Every line from the one that contains "this 1500×2250 image." to the end of the records must be restated word for word. No other line belongs in the answer.

Segment Start: Input material

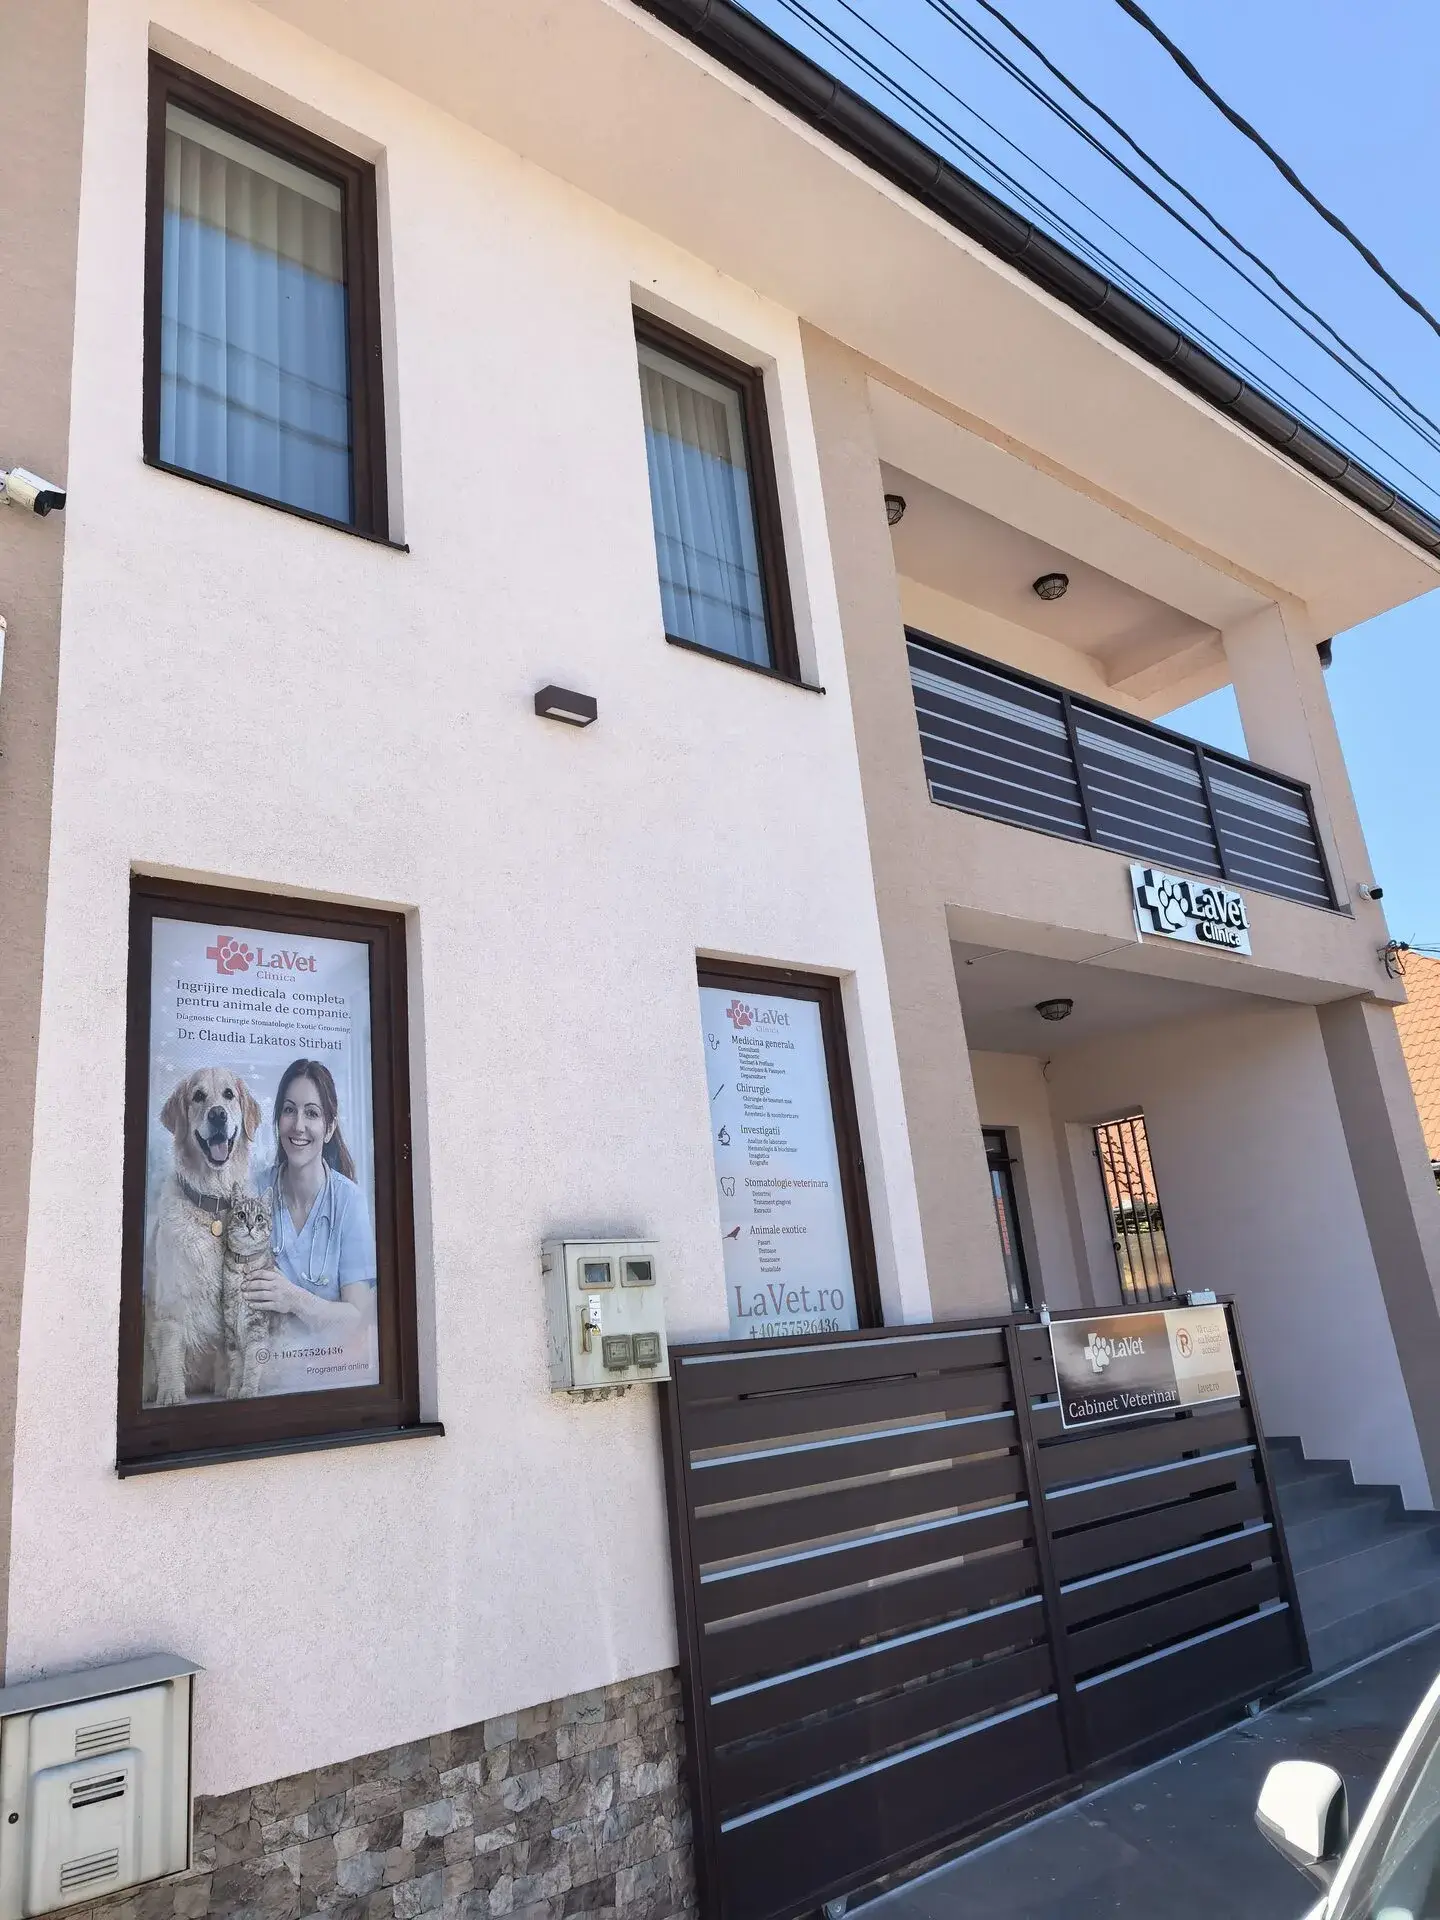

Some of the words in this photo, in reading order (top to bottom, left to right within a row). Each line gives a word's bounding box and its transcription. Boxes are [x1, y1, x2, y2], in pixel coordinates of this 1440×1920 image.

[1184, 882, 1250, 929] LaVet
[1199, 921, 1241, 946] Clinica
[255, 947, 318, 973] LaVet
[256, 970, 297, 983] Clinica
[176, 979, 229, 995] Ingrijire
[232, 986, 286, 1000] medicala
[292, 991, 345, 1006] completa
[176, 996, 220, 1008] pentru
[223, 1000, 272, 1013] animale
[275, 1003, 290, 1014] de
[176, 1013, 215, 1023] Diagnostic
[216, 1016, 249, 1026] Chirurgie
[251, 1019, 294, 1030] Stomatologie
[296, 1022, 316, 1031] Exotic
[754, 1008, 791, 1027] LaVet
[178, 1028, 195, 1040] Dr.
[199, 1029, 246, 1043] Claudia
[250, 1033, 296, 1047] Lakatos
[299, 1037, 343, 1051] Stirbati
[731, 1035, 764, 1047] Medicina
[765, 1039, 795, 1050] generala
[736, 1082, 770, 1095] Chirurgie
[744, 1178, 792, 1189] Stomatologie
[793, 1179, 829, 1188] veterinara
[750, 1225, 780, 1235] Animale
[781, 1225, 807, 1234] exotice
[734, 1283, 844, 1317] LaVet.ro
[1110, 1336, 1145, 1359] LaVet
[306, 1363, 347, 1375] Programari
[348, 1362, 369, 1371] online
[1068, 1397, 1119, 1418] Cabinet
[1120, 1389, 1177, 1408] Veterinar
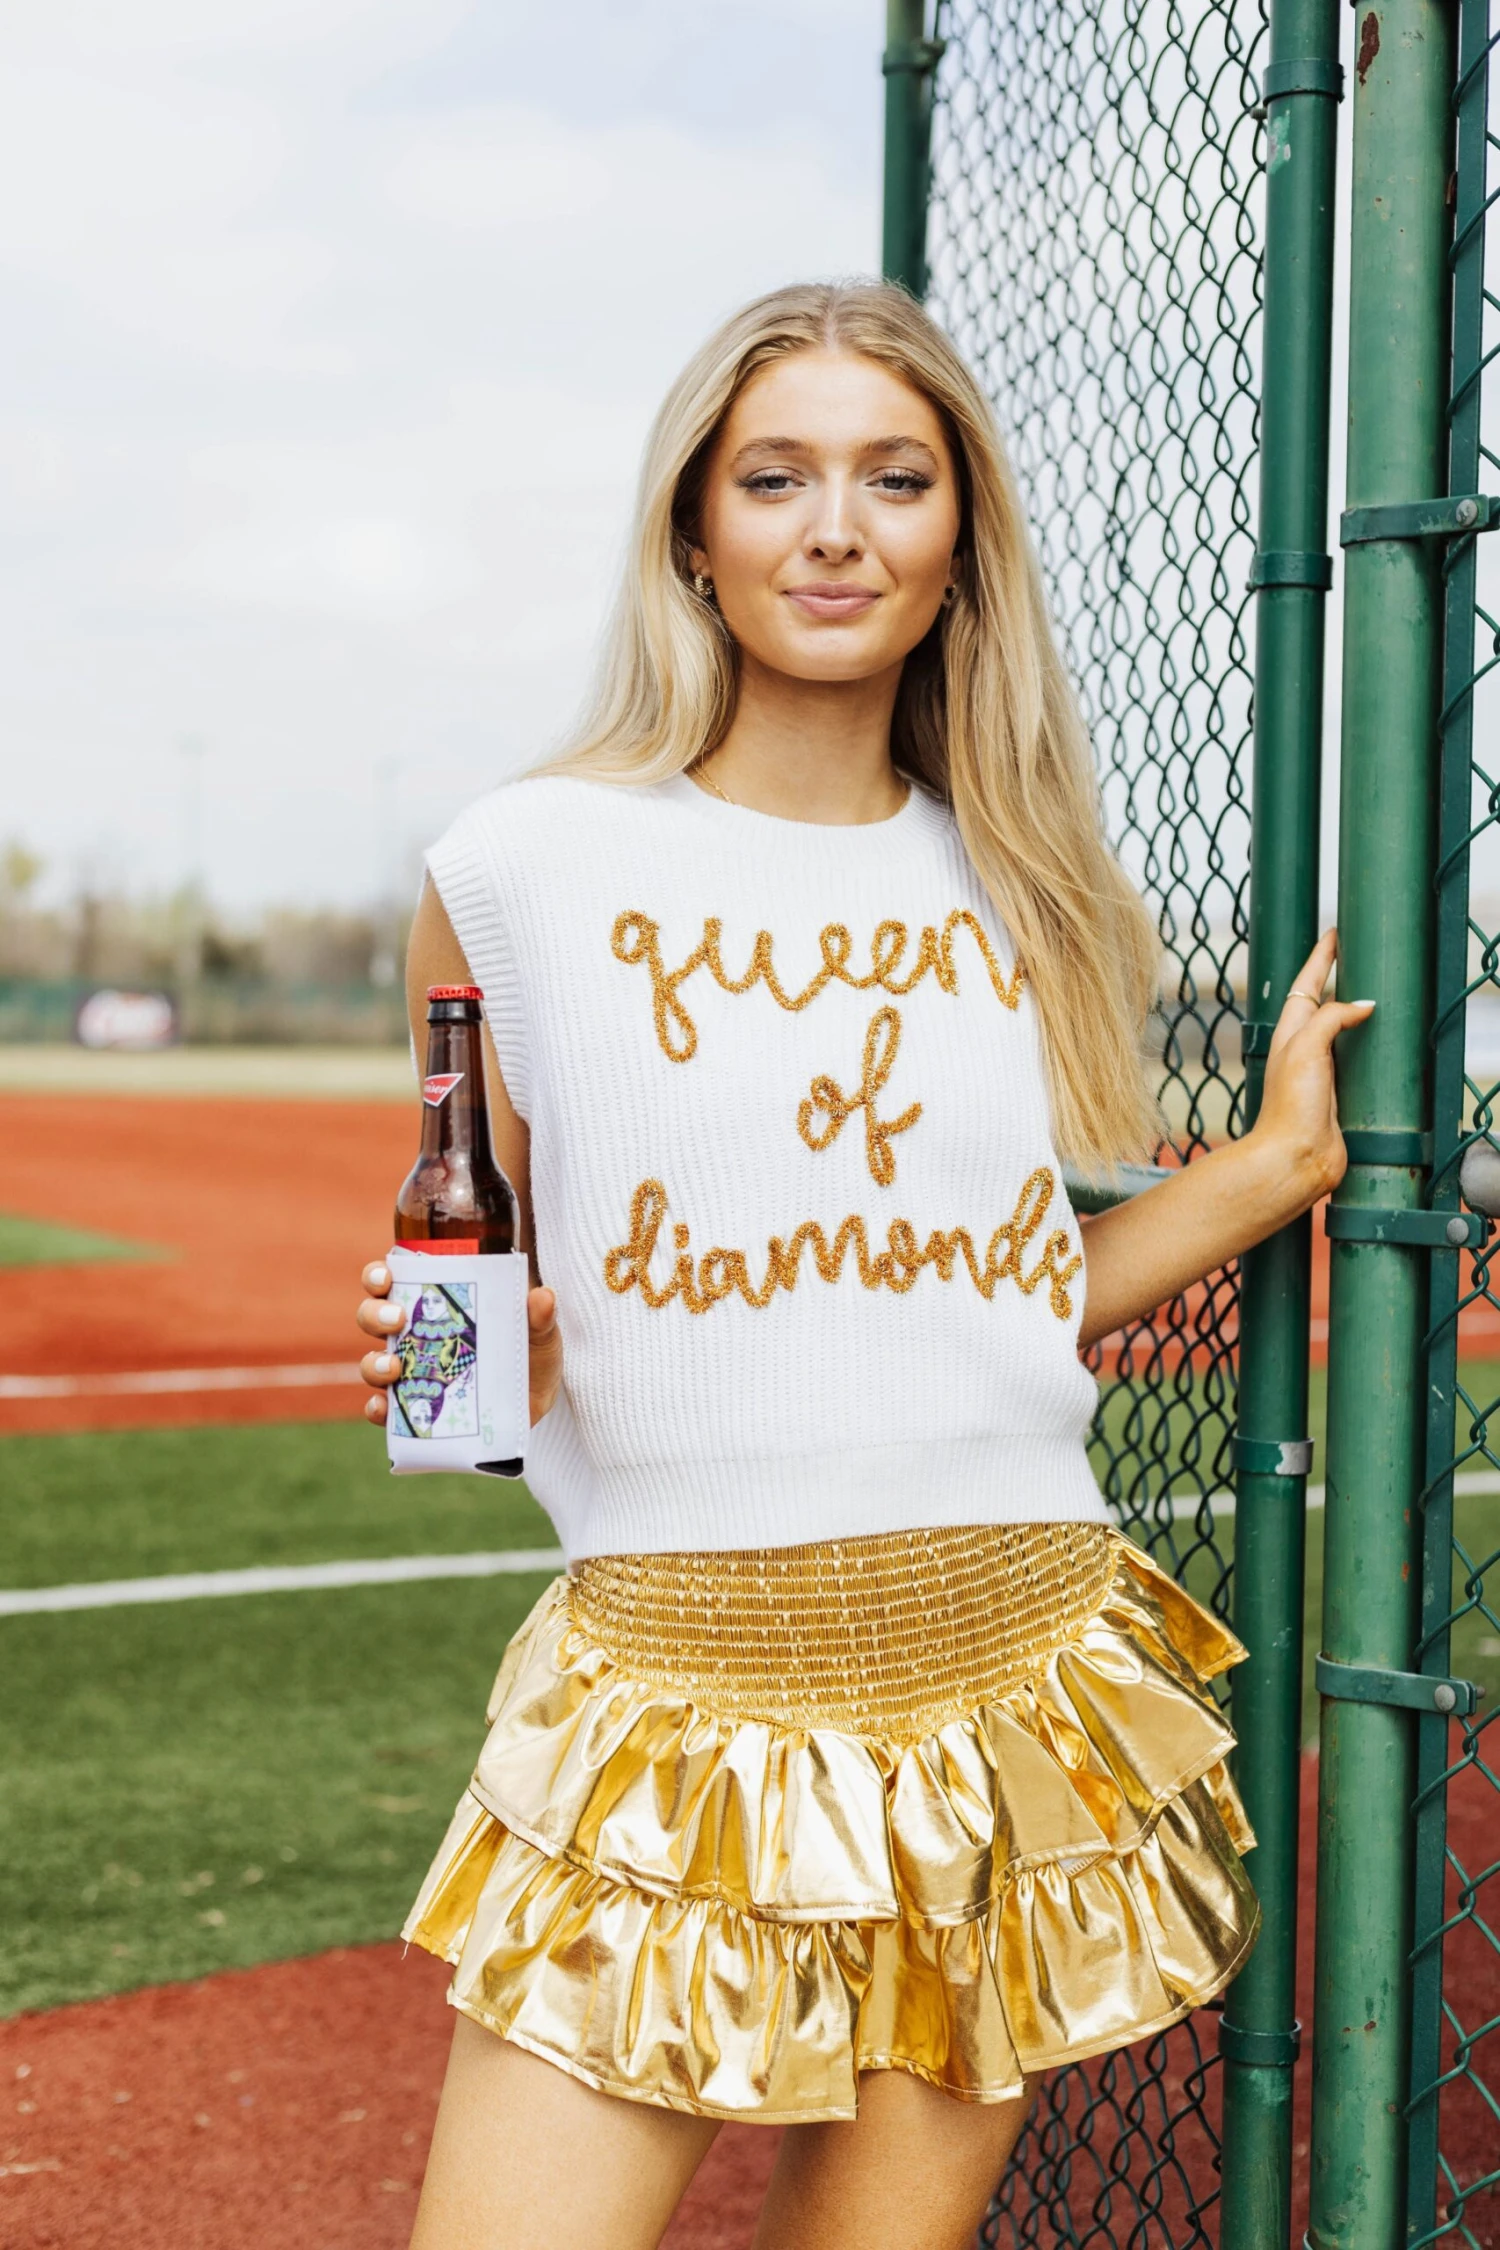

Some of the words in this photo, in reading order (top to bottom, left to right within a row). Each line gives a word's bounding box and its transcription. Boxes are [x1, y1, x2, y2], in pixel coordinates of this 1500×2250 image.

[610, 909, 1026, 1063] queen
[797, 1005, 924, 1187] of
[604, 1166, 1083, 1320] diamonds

Segment End: Input material

* Worked solution *
Some of the words in this photo, in reading order (top to bottom, left to right within a row). Each line gives a word's bounding box and its transcription. Boxes are [x1, y1, x2, y2], in pixel coordinates of this 1500×2250 image.

[610, 909, 1026, 1063] queen
[797, 1005, 924, 1187] of
[604, 1166, 1083, 1320] diamonds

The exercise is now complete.